Cellulosome Project
Overview
The cellulosome is a large extracellular multi-enzyme complex produced by anaerobic cellulolytic bacteria for efficient degradation of plant cell wall polysaccharides. It represents one of the most efficient natural systems for degrading crystalline cellulose and lignocellulosic biomass.
Model Species Selection
Primary model: Acetivibrio thermocellus (formerly Clostridium thermocellum, also known as Ruminiclostridium thermocellum and Hungateiclostridium thermocellum)
- UniProt species code: ACET2 (or use taxonomy ID: 1515)
- The original organism in which cellulosomes were discovered (as "cellulose-binding factor")
- Best characterized cellulosome system with extensive structural and biochemical data
- ~79 cellulosomal genes including scaffoldins and dockerin-containing enzymes
- Thermophilic (optimal growth ~60°C) - industrially relevant
- Good UniProt coverage with many Swiss-Prot reviewed entries
Alternative model: Ruminococcus flavefaciens (FD-1 strain)

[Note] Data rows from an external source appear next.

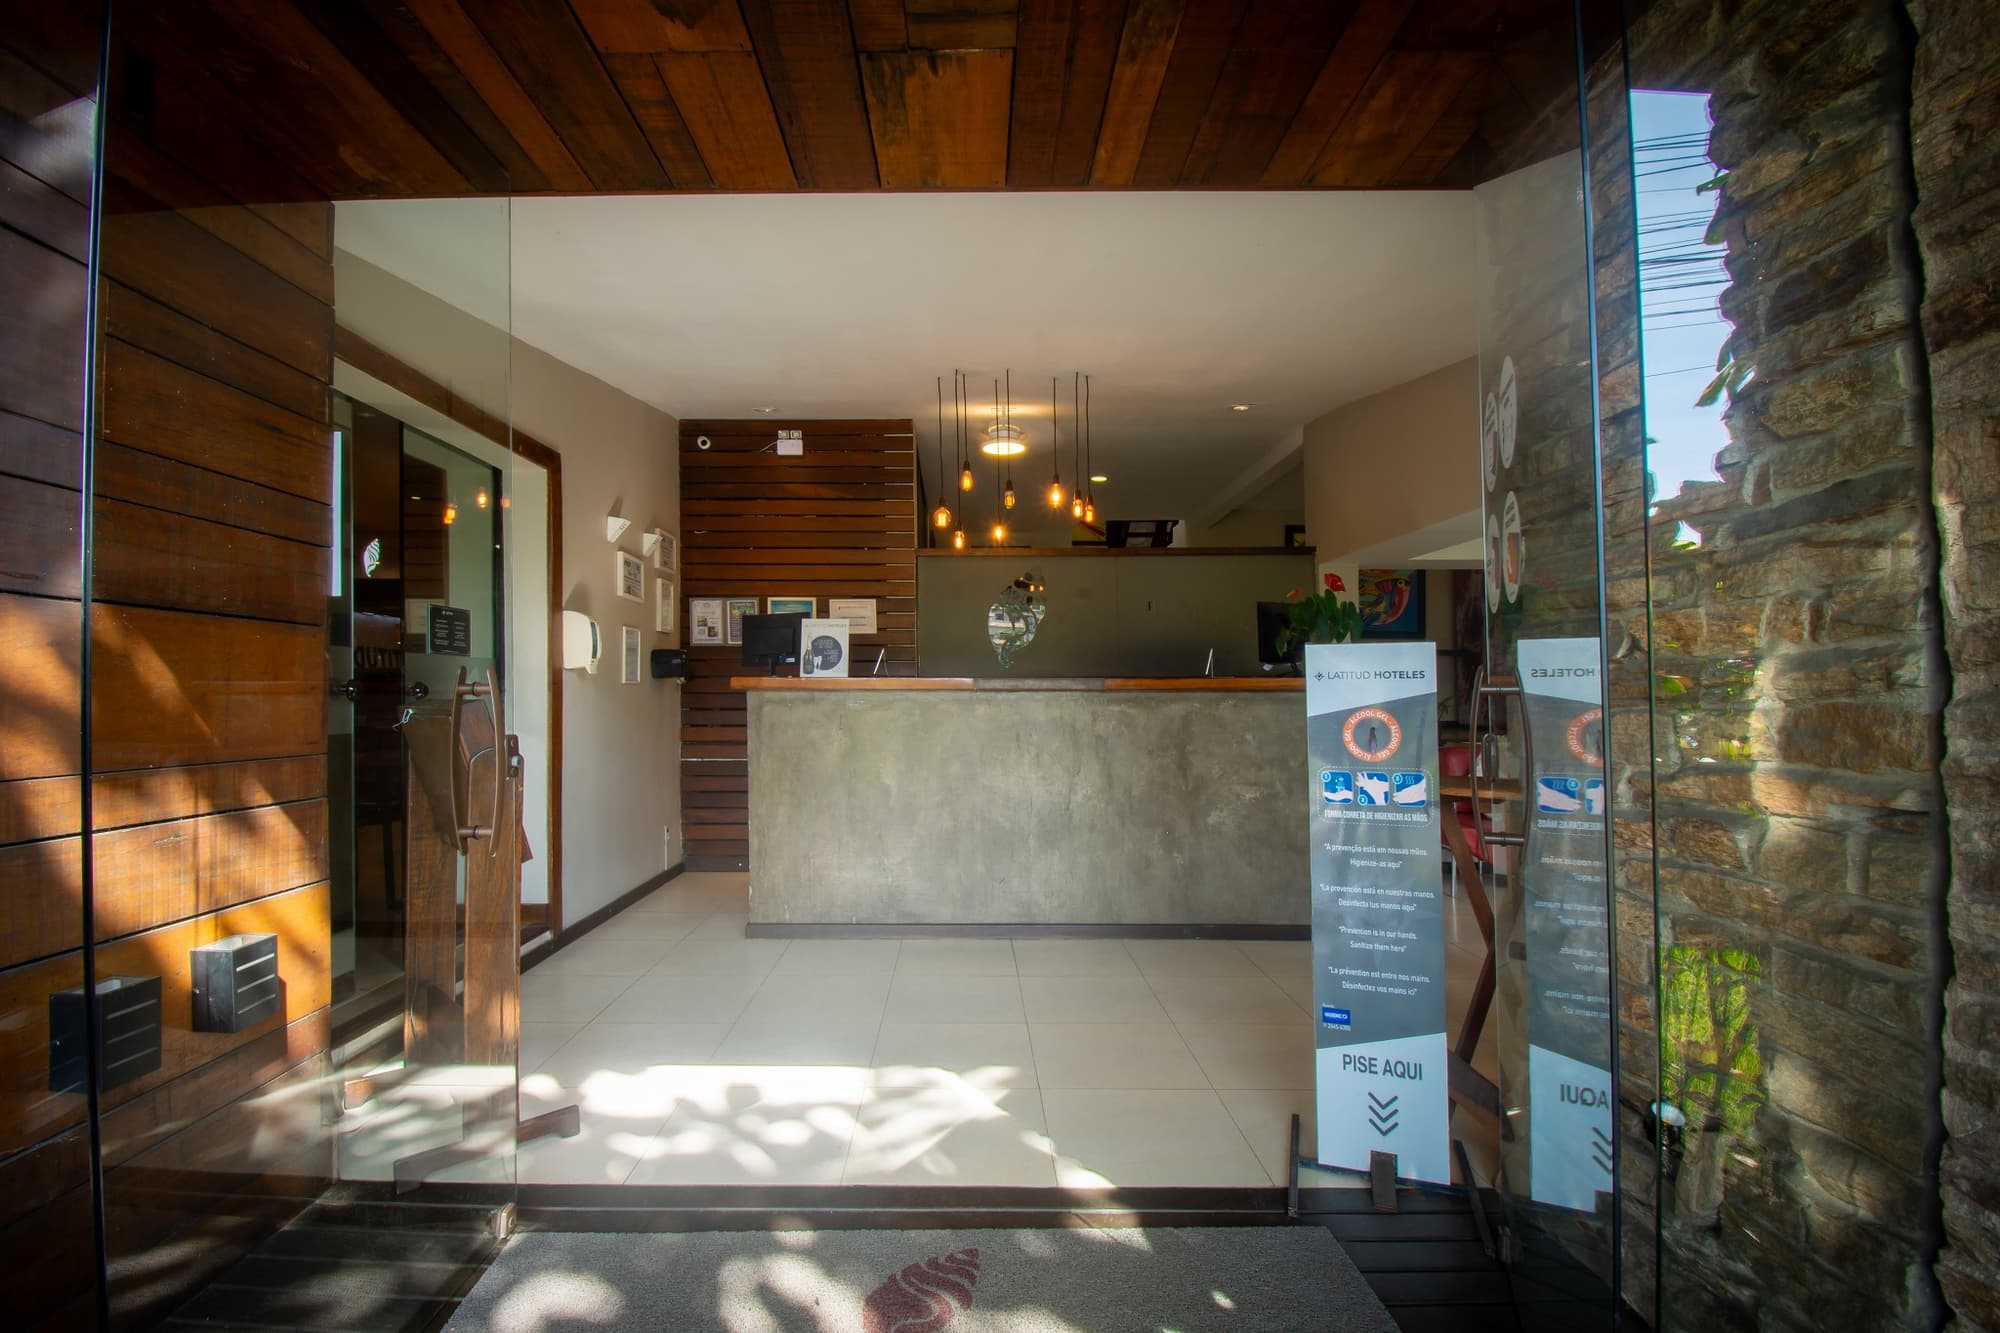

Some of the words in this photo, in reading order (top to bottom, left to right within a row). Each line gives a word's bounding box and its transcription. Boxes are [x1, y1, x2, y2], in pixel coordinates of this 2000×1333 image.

[1327, 671, 1371, 680] LATITUD
[1374, 670, 1426, 679] HOTELES
[1366, 811, 1373, 820] DE
[1403, 813, 1411, 822] AS
[1332, 844, 1361, 854] prevenção
[1363, 844, 1376, 854] está
[1388, 847, 1409, 855] nossas
[1350, 859, 1386, 868] Higienize-as
[1363, 886, 1376, 896] está
[1386, 888, 1412, 897] nuestras
[1338, 898, 1369, 908] Desinfecta
[1370, 899, 1379, 909] tus
[1380, 902, 1401, 910] manos
[1372, 928, 1378, 937] is
[1379, 928, 1385, 937] in
[1386, 930, 1397, 939] our
[1350, 940, 1373, 950] Sanitize
[1374, 942, 1389, 951] them
[1339, 967, 1370, 978] prévention
[1371, 969, 1380, 979] est
[1381, 971, 1397, 981] entre
[1398, 973, 1409, 982] nos
[1342, 980, 1376, 991] Désinfectez
[1377, 985, 1387, 993] vos
[1388, 986, 1407, 996] mains
[1342, 1053, 1378, 1075] PISE
[1382, 1058, 1423, 1081] AQUI

- UniProt taxonomy ID: 657322
- Most complex cellulosome described to date: 223 dockerin-containing proteins
- Important rumen bacterium for understanding gut microbiome cellulose degradation
- However, fewer reviewed UniProt entries available
- Unique cohesin-dockerin binding modes
Recommendation: Start with A. thermocellus due to better annotation coverage and foundational status in the field.
Second model: Clostridium cellulovorans (strain ATCC 35296 / DSM 3052 / 743B)
- UniProt species code: CLOCL (taxonomy ID: 573061 for strain, 1493 for species)
- Mesophilic organism (optimal growth ~37°C)
- Produces both cellulosomal and free (non-cellulosomal) cellulases
- Well-characterized cellulosome with 57 cellulosomal protein-encoding genes
- CbpA scaffoldin contains 9 cohesin domains and 4 SLH domains
- Gene cluster organization: cbpA-exgS-engH-engK-hbpA-engL-manA-engM-engN
- Good experimental literature on synergistic enzyme activities
Cellulosome Architecture
The cellulosome consists of:
1. Scaffoldins - Non-catalytic proteins containing cohesins that organize the complex
2. Catalytic subunits - Enzymes containing dockerins that bind to cohesins
3. Cell surface anchors - Proteins that attach the cellulosome to the cell wall
Key interaction: Type I dockerin (on enzymes) binds Type I cohesin (on CipA scaffoldin)
Cell anchoring: Type II dockerin (on CipA) binds Type II cohesin (on anchor proteins)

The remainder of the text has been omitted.